## Problem description
Set each record down exactly, excluding all images.

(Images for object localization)
——

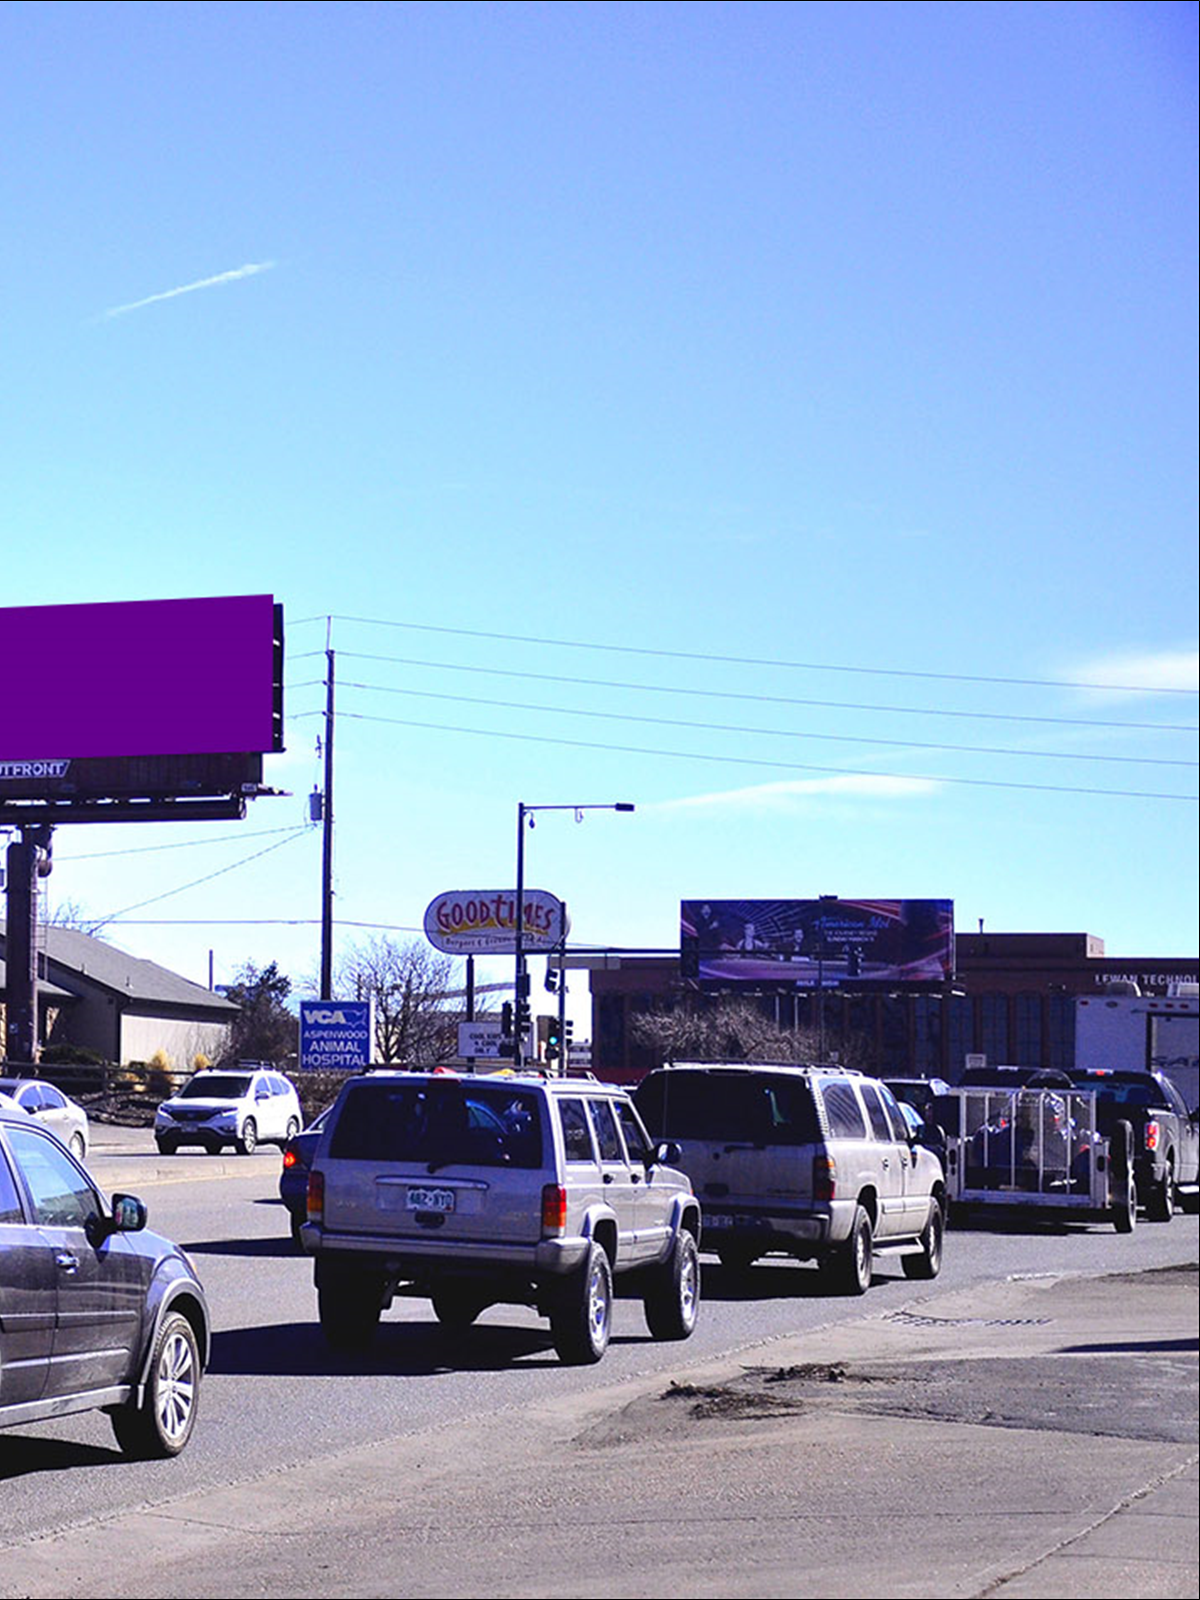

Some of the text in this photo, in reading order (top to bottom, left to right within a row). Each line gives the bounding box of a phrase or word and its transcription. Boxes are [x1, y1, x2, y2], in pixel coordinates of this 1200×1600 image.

[303, 1009, 346, 1024] VCA
[303, 1030, 368, 1039] ASPENWOOD
[309, 1041, 361, 1052] ANIMAL
[302, 1053, 366, 1066] HOSPITAL
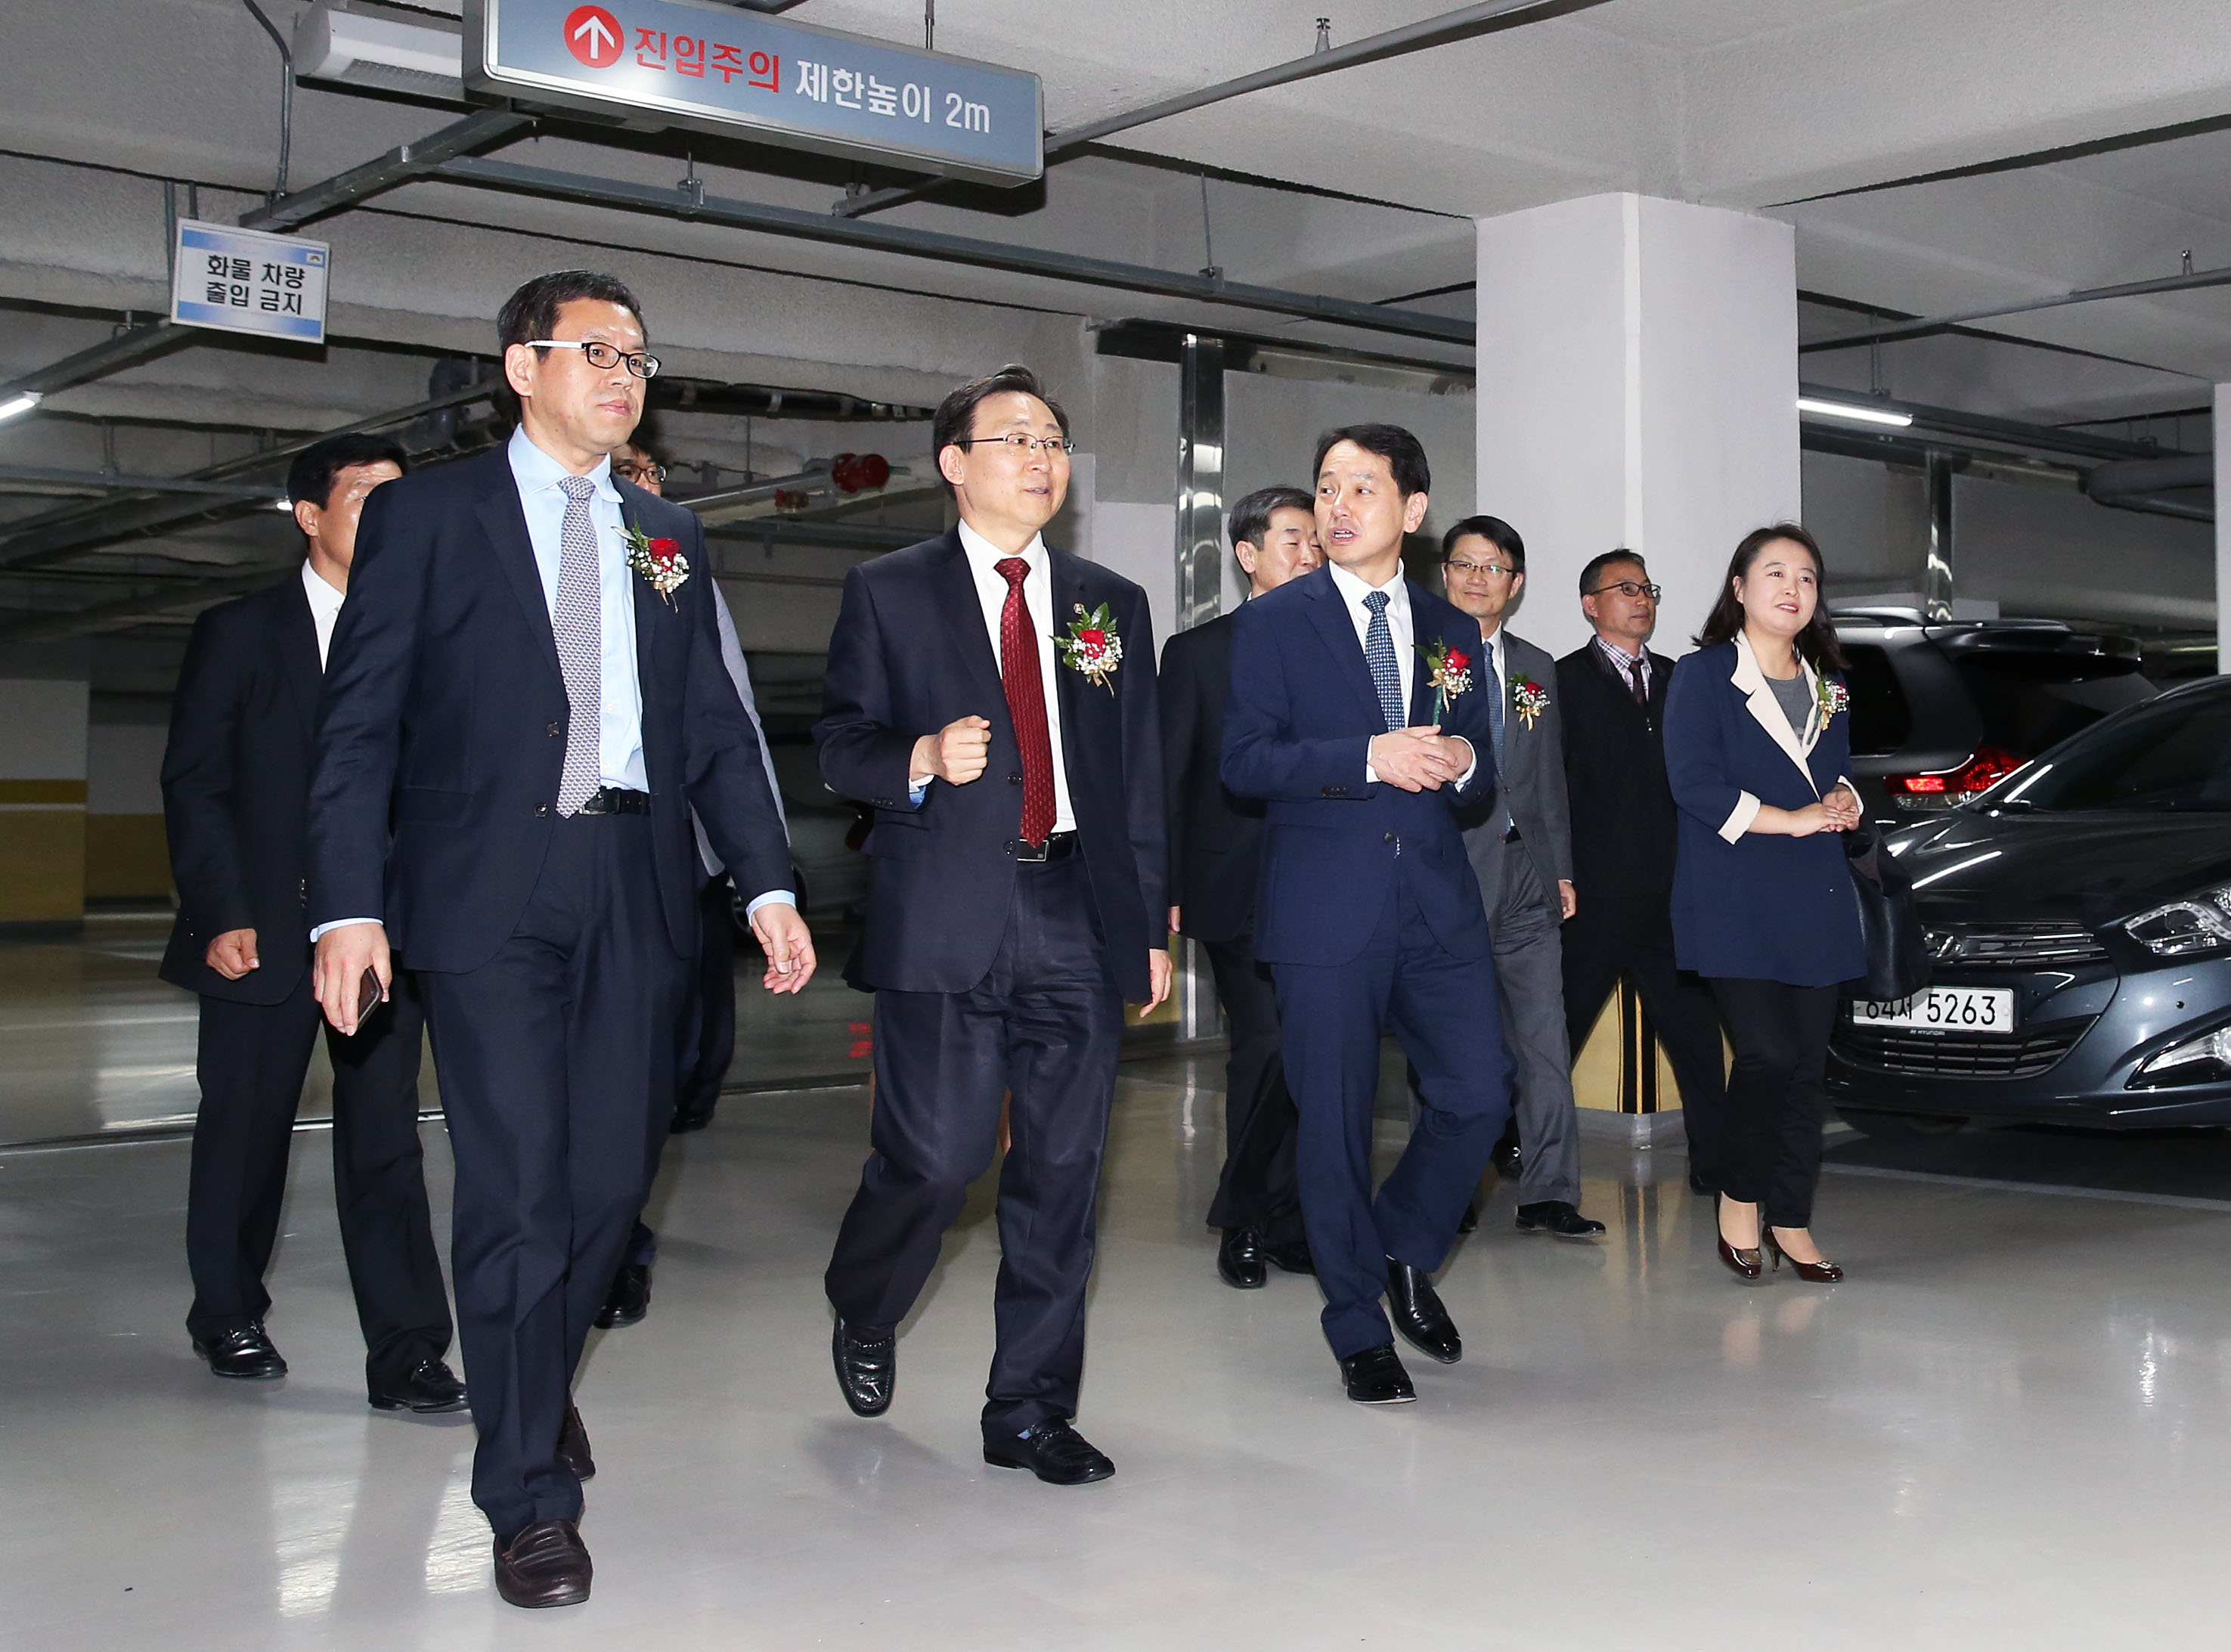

——

## Exercise output
Some of the text in this photo, in reading order (top to bottom, left to right within a row). Each line gives the bounding box of a phrase or word and its transcription. Boxes are [x1, y1, x2, y2], in pixel coordinates of this 1200×1600 image.

[303, 1009, 346, 1024] VCA
[303, 1030, 368, 1039] ASPENWOOD
[309, 1041, 361, 1052] ANIMAL
[302, 1053, 366, 1066] HOSPITAL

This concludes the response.